第1話「終わりと始まり」
空が、物理的に割れていた。
世界の天井そのものに巨大な亀裂が幾筋も走り、その無数のひび割れから、暗紫色のどろりとした淀んだ光が、まるで腐り落ちた神の血液のように滝となって大地へと溢れ出ている。
大地そのものがおぞましい悲鳴を上げて軋み、視界の果てに見えるはずだった雄大な山脈は、ドロドロに溶解して原型を留めずに崩れ落ちていた。
この星そのものが完全に死を迎える、最後の断末魔の振動が大気を凶暴に震わせている。
レイド・アシュフォードは、根元から無惨に折れた愛剣の柄を握りしめたまま、泥と愛する仲間の血に塗れた荒野にひざまずいていた。
かつて栄光の白銀に輝いていた騎士の鎧は粉々に砕け散り、右腕の感覚はとうの昔に完全に消失している。
視界は、額から絶え間なく流れ落ちる自身の血で赤黒く染め上げられていた。
彼のすぐ背後には、見慣れた岩のような巨体が、物言わぬただの冷たい肉塊となって横たわっている。
一番の幼馴染であり、パーティーの絶対的な盾であったガルドだ。
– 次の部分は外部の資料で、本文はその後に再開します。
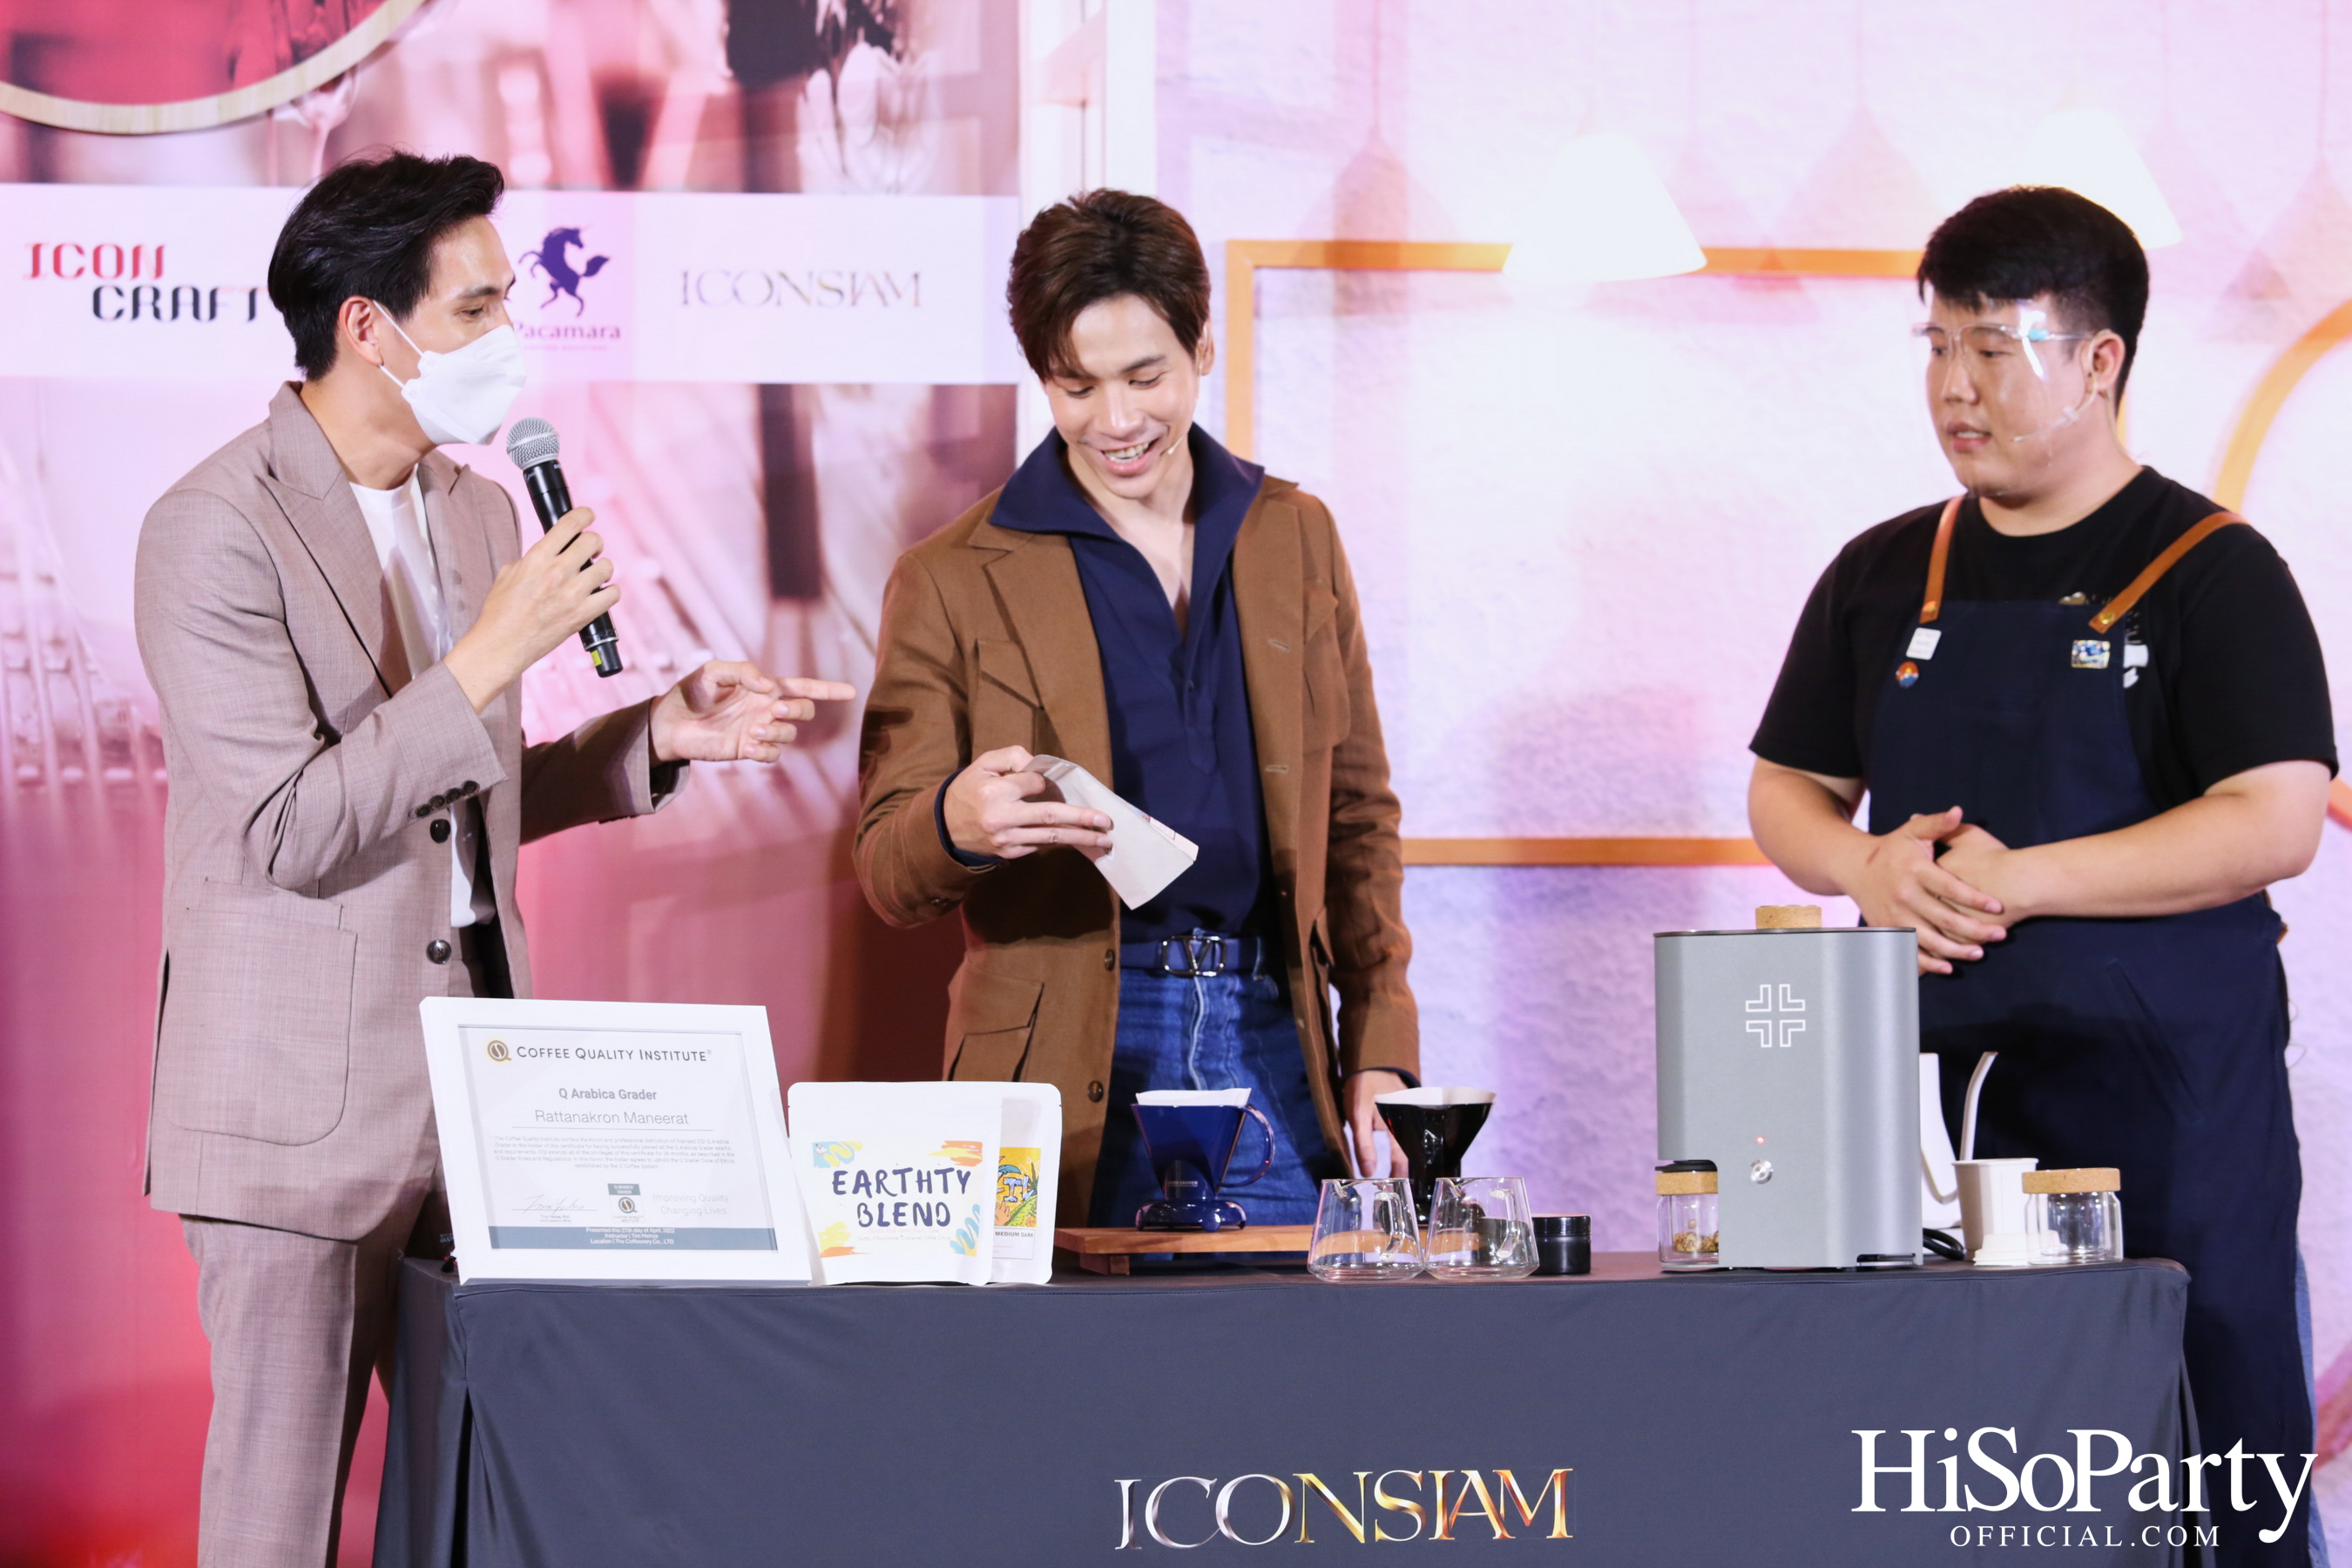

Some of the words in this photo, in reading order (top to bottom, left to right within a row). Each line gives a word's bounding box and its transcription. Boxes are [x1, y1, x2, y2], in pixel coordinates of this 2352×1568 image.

[22, 242, 167, 280] ICON
[679, 269, 921, 308] ICONSIAM
[91, 285, 267, 323] CRAFT
[517, 1046, 571, 1059] COFFEE
[575, 1047, 634, 1061] QUALITY
[558, 1087, 569, 1100] Q
[571, 1088, 616, 1100] Arabica
[618, 1089, 658, 1101] Grader
[535, 1110, 620, 1124] Rattanakron
[624, 1112, 689, 1125] Maneerat
[832, 1167, 971, 1199] EARTHTY
[652, 1193, 697, 1204] Improving
[660, 1206, 702, 1216] Changing
[856, 1201, 951, 1227] BLEND
[1114, 1468, 1574, 1551] ICONSIAM
どんな凶悪な魔物の攻撃も必ず弾き返すと豪語していた無敵の鋼鉄の大盾は、中央から紙切れのように無惨に引き裂かれていた。
絶望的な数の異形の大群に完全に包囲された時。ガルドはたった一人で絶望の殿を務め、レイドたちをわずかでも遠くへ逃がすために自身の命を笑って投げ打ったのだ。
『お前らは絶対に先に行け! ここは俺の盾が持つ! ……俺の背中しか見えねぇうちに、さっさとズラかれ!』
その血を吐くような最後の言葉を遺し、彼は化け物の大群の黒い波に飲み込まれ——巨大な盾を構えた立った姿勢のまま、一歩も退かずに絶命していた。
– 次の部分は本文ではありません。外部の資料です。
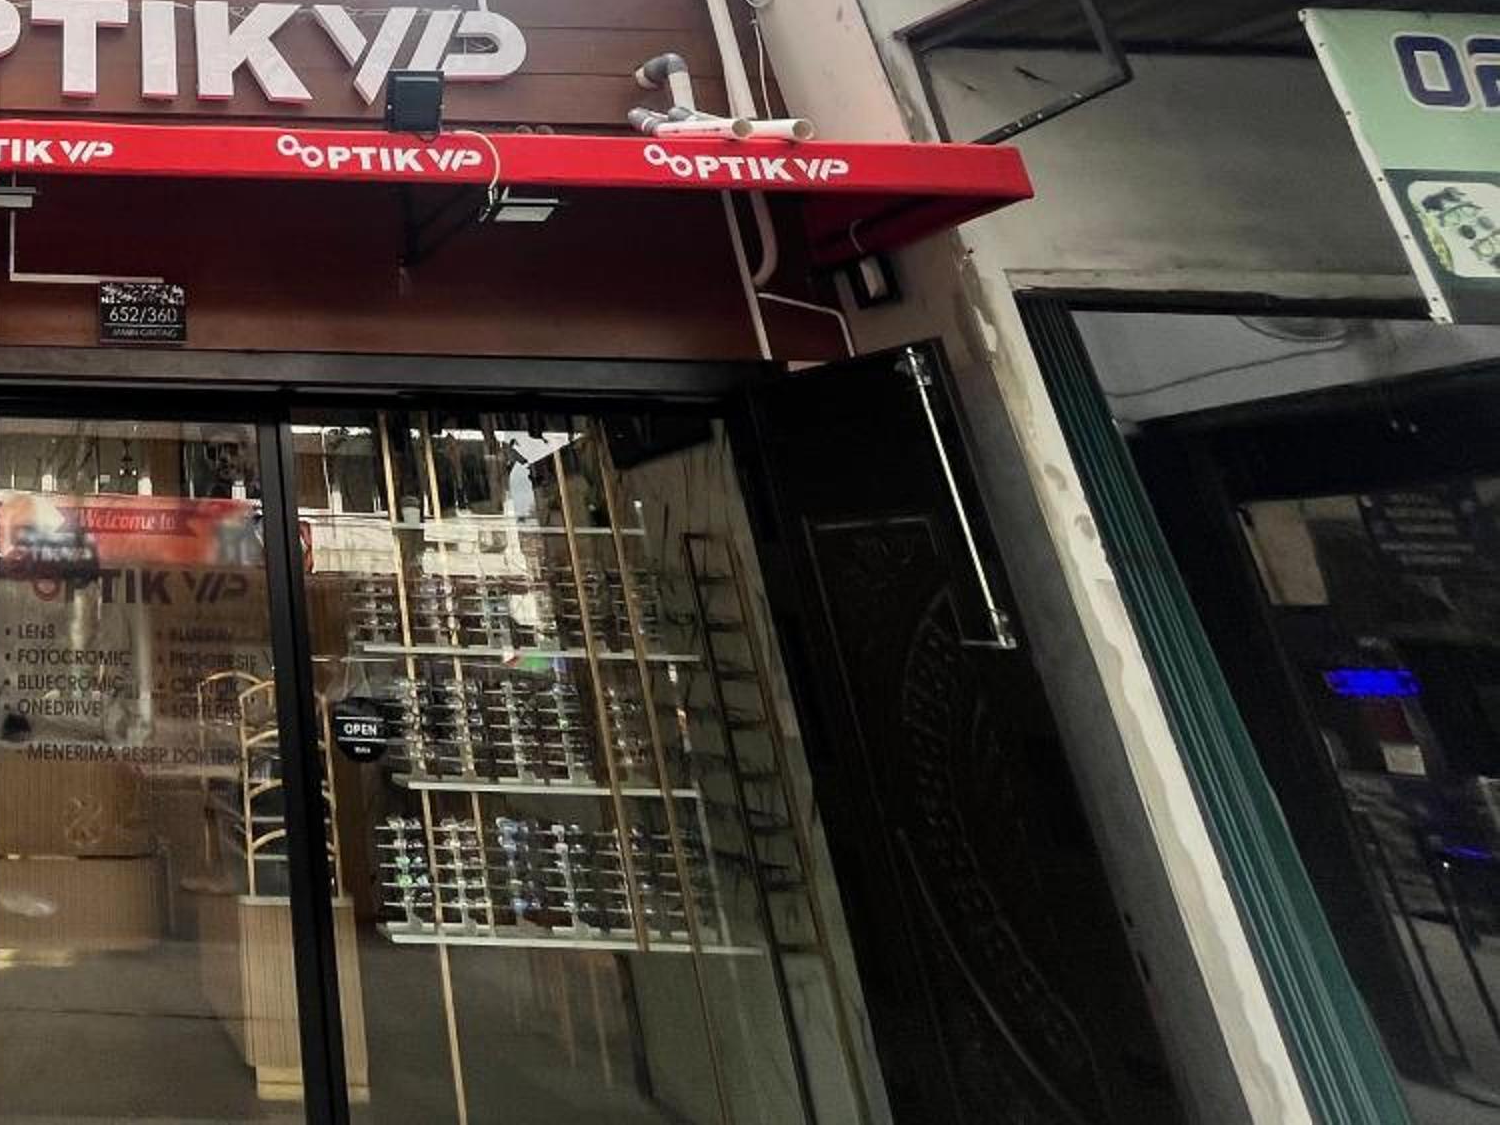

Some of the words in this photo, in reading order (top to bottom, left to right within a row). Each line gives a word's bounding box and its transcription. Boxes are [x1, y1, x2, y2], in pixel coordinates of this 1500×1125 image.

[109, 306, 178, 323] 652/360
[81, 508, 156, 532] Welcome
[17, 621, 56, 640] LENS
[17, 698, 103, 717] ONEDRIVE
[343, 722, 377, 736] OPEN
[26, 743, 117, 763] MENERIMA
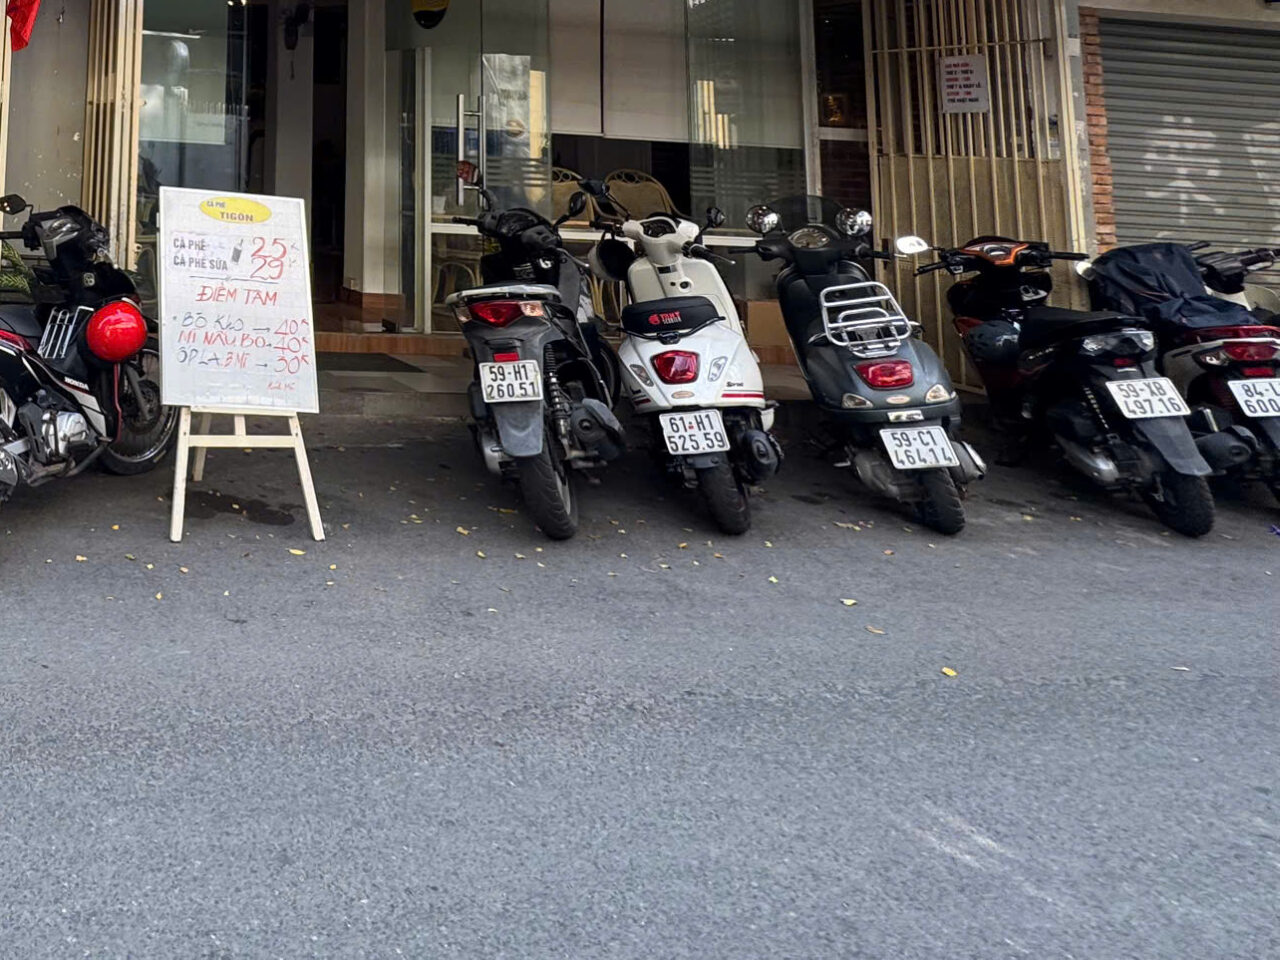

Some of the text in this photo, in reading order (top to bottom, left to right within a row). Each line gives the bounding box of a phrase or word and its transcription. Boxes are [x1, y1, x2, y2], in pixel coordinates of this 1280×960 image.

[250, 236, 287, 259] 25
[249, 256, 284, 280] 29
[488, 364, 529, 382] 59-H1
[64, 376, 90, 391] HONDA
[1123, 397, 1182, 415] 497.16
[668, 413, 714, 433] 61-H1
[667, 431, 725, 452] 525.59
[890, 430, 938, 448] 59-C1
そこから十数メートル先には、もう一人の大切な幼馴染——リーネが、いつも大切に磨いていた白樺の杖を手放して力なく倒れ伏していた。
星の光を集めたように美しかった銀髪は泥と黒い魔血で汚れきり、その細い腹部には、背後まで完全に貫通する致命的な大穴が穿たれている。
「……ごめん、ね。もう……魔力、一滴も残らず空っぽになっちゃった」
「喋るな。傷口が開く。頼むから喋らないでくれ」
レイドは動かない右腕を引きずり、左腕だけを這わせて彼女のそばに寄った。血に濡れた白い頬にそっと触れるが、その体温は恐ろしい速度で指先から失われていく。
「俺が……もっと早く敵の伏兵に気づいていれば……ッ!」
「……ばか。あなたは……立派な最高のリーダーだったわ。五年も……私たちを、ここまでずっと引っ張ってきてくれたじゃない」
リーネの青ざめた唇が微かに弧を描き、どうしようもなく優しく、愛に満ちた笑顔を向けた。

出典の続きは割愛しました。